• _What you need to do_
Below is the data. Give it again, complete and exact.

• _Text-to-region grounding data_
[Start of Attachment]
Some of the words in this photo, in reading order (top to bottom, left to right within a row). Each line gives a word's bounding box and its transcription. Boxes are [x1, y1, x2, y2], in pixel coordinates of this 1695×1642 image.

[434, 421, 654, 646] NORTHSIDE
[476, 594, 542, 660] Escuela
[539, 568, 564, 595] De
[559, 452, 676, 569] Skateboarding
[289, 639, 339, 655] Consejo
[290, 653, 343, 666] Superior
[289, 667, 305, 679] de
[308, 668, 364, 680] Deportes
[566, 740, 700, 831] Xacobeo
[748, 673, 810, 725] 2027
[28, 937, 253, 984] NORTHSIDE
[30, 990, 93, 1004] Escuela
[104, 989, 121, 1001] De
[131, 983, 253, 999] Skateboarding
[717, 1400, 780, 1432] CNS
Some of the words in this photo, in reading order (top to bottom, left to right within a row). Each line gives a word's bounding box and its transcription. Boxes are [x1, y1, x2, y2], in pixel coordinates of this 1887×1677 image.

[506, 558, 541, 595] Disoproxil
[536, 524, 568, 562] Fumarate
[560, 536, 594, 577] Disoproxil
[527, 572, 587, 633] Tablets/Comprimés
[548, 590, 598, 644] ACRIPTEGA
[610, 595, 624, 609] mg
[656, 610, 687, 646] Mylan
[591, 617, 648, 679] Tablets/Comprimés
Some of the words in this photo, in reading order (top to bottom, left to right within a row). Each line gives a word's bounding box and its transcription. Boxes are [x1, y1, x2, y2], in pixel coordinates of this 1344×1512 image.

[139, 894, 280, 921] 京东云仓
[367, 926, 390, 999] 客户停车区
[End of Attachment]
• _Completed task_
Some of the words in this photo, in reading order (top to bottom, left to right within a row). Each line gives a word's bounding box and its transcription. Boxes are [x1, y1, x2, y2], in pixel coordinates of this 1695×1642 image.

[434, 421, 654, 646] NORTHSIDE
[476, 594, 542, 660] Escuela
[539, 568, 564, 595] De
[559, 452, 676, 569] Skateboarding
[289, 639, 339, 655] Consejo
[290, 653, 343, 666] Superior
[289, 667, 305, 679] de
[308, 668, 364, 680] Deportes
[566, 740, 700, 831] Xacobeo
[748, 673, 810, 725] 2027
[28, 937, 253, 984] NORTHSIDE
[30, 990, 93, 1004] Escuela
[104, 989, 121, 1001] De
[131, 983, 253, 999] Skateboarding
[717, 1400, 780, 1432] CNS
Some of the words in this photo, in reading order (top to bottom, left to right within a row). Each line gives a word's bounding box and its transcription. Boxes are [x1, y1, x2, y2], in pixel coordinates of this 1887×1677 image.

[506, 558, 541, 595] Disoproxil
[536, 524, 568, 562] Fumarate
[560, 536, 594, 577] Disoproxil
[527, 572, 587, 633] Tablets/Comprimés
[548, 590, 598, 644] ACRIPTEGA
[610, 595, 624, 609] mg
[656, 610, 687, 646] Mylan
[591, 617, 648, 679] Tablets/Comprimés
Some of the words in this photo, in reading order (top to bottom, left to right within a row). Each line gives a word's bounding box and its transcription. Boxes are [x1, y1, x2, y2], in pixel coordinates of this 1344×1512 image.

[139, 894, 280, 921] 京东云仓
[367, 926, 390, 999] 客户停车区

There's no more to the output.